$ cat post/compile-errors-clear-/-the-monorepo-grew-too-wide-/-config-never-lies.md

compile errors clear / the monorepo grew too wide / config never lies


Title: Debugging Digg’s Dirty Little Secret


November 15, 2004 was just another day when I woke up to the early morning sun streaming through my window. As a platform engineer at a small startup in the heart of San Francisco, I was already deep into my routine of debugging and optimizing our web services infrastructure. Our primary technology stack was LAMP—Linux, Apache, MySQL, and PHP—and we were serving as much traffic as a small social network could muster back then.

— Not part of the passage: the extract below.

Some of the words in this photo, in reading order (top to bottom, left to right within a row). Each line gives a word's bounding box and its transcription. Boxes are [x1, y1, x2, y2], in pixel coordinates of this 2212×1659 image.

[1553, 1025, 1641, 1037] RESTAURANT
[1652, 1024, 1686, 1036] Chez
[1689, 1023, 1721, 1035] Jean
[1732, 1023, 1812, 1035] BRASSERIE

One morning, as I sat at my desk staring at the server logs, something felt off. The load times for our user-facing pages had doubled over the past few days. Our application was built on top of Xen virtual machines running Ubuntu and we were using Python scripts to manage many of our backend processes. I pulled up my favorite command-line tools—top, htop, and a custom Perl script I wrote to monitor database queries—and began digging into the code.

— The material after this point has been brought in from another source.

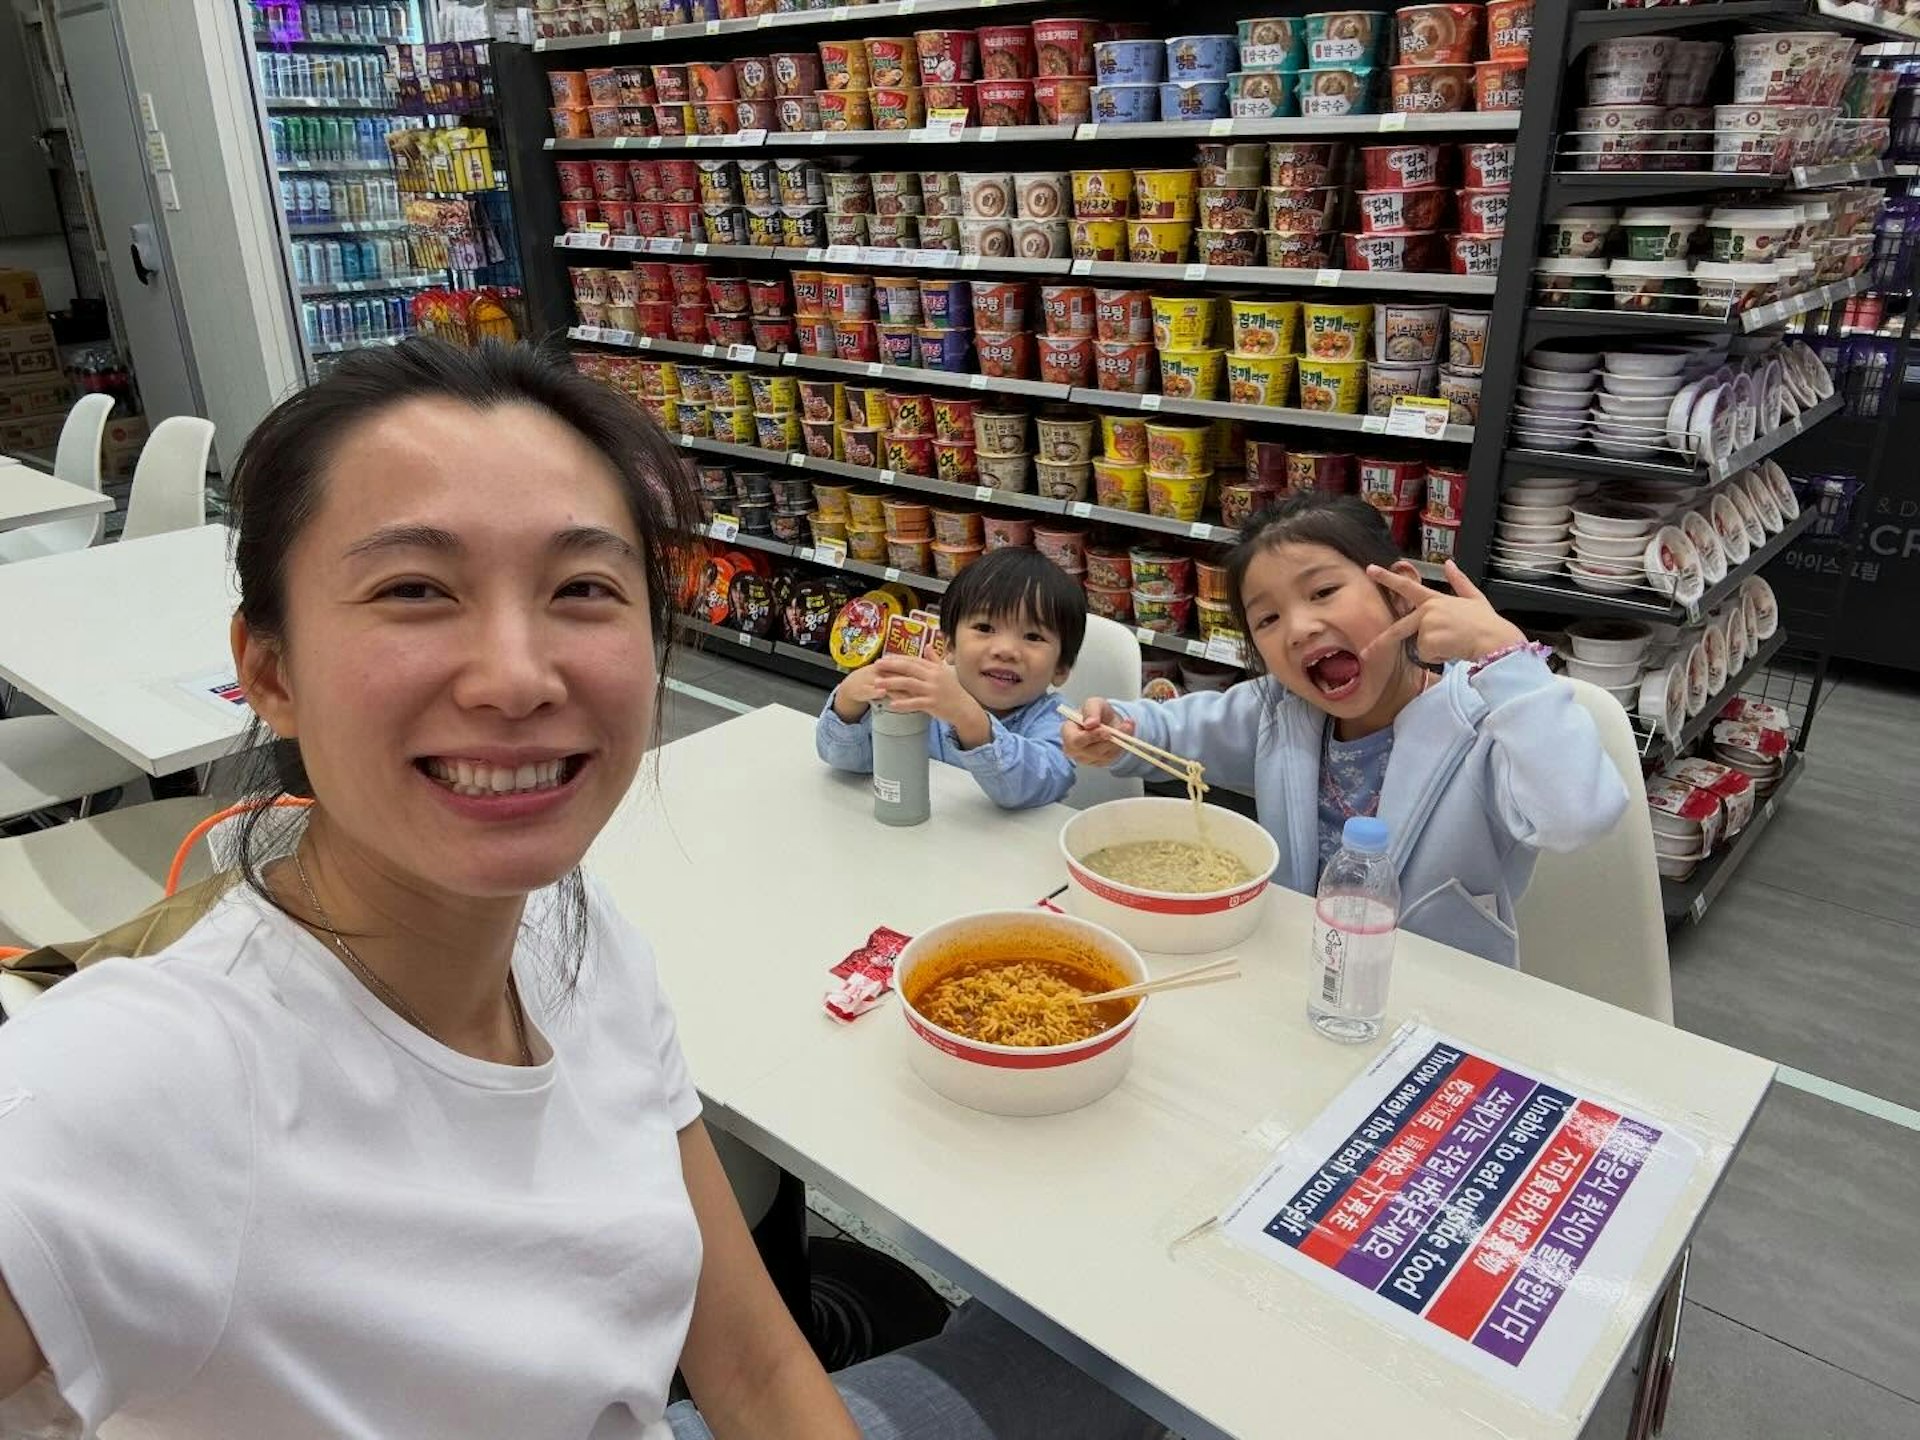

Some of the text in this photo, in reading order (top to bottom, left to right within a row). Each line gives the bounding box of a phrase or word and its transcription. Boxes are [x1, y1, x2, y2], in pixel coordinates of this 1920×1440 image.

The first thing that jumped out at me was an unusually high number of MySQL queries being executed during peak hours. Our database had been growing exponentially, but now it seemed like every page request was hitting multiple tables instead of just one or two. This pattern didn’t fit with our application’s architecture, so I knew we were dealing with a caching issue.

I spent the next few hours tracing back through the codebase to find where these unnecessary queries were being generated. It turned out that our logging framework wasn’t as well-optimized as it should have been. We were logging every single SQL statement, and this was causing an enormous performance hit. The solution seemed obvious: we needed a better logging strategy.

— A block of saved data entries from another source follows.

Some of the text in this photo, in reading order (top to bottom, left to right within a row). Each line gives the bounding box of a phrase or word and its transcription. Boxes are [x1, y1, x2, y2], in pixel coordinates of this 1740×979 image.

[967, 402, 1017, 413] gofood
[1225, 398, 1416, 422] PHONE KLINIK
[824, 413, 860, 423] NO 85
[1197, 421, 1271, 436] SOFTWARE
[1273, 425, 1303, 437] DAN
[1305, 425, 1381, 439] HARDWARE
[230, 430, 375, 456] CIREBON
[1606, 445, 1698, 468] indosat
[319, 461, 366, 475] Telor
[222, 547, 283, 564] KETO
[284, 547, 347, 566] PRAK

I quickly whipped up a Python script to filter the logs based on specific query patterns and re-ran them through our database monitoring tools. Sure enough, by filtering out most of the irrelevant queries, we saw a significant improvement in load times and overall system performance.

However, this wasn’t just about improving performance; it was also an opportunity for us to rethink our logging strategy moving forward. We decided to implement a more intelligent logging mechanism that only logs critical information during development phases, but switches to full logging mode during staging and production environments. This way, we could get the data we needed without compromising on performance.

Reflecting on this experience, I realized how much the sysadmin role was evolving. It wasn’t just about fixing bugs or setting up servers; it required a deep understanding of both the application code and the infrastructure beneath it. The rise of open-source tools like Xen and Python scripts had made us more agile, but also demanded that we stay sharp in our problem-solving skills.

As I sat back to watch the logs, feeling a sense of accomplishment, I couldn’t help but think about how quickly the tech landscape was changing. Google was hiring aggressively, Firefox was launching, and Web 2.0 was just starting to take shape with early players like Digg and Reddit gaining traction. The sysadmin role was becoming more strategic, not just tactical.

That day taught me a lot about debugging complex systems and the importance of having a well-thought-out logging strategy. It also highlighted how the tools we use today were evolving rapidly from open-source projects into integral parts of our daily work. And as always, the true test wasn’t in the technology itself but in how we leveraged it to solve real-world problems.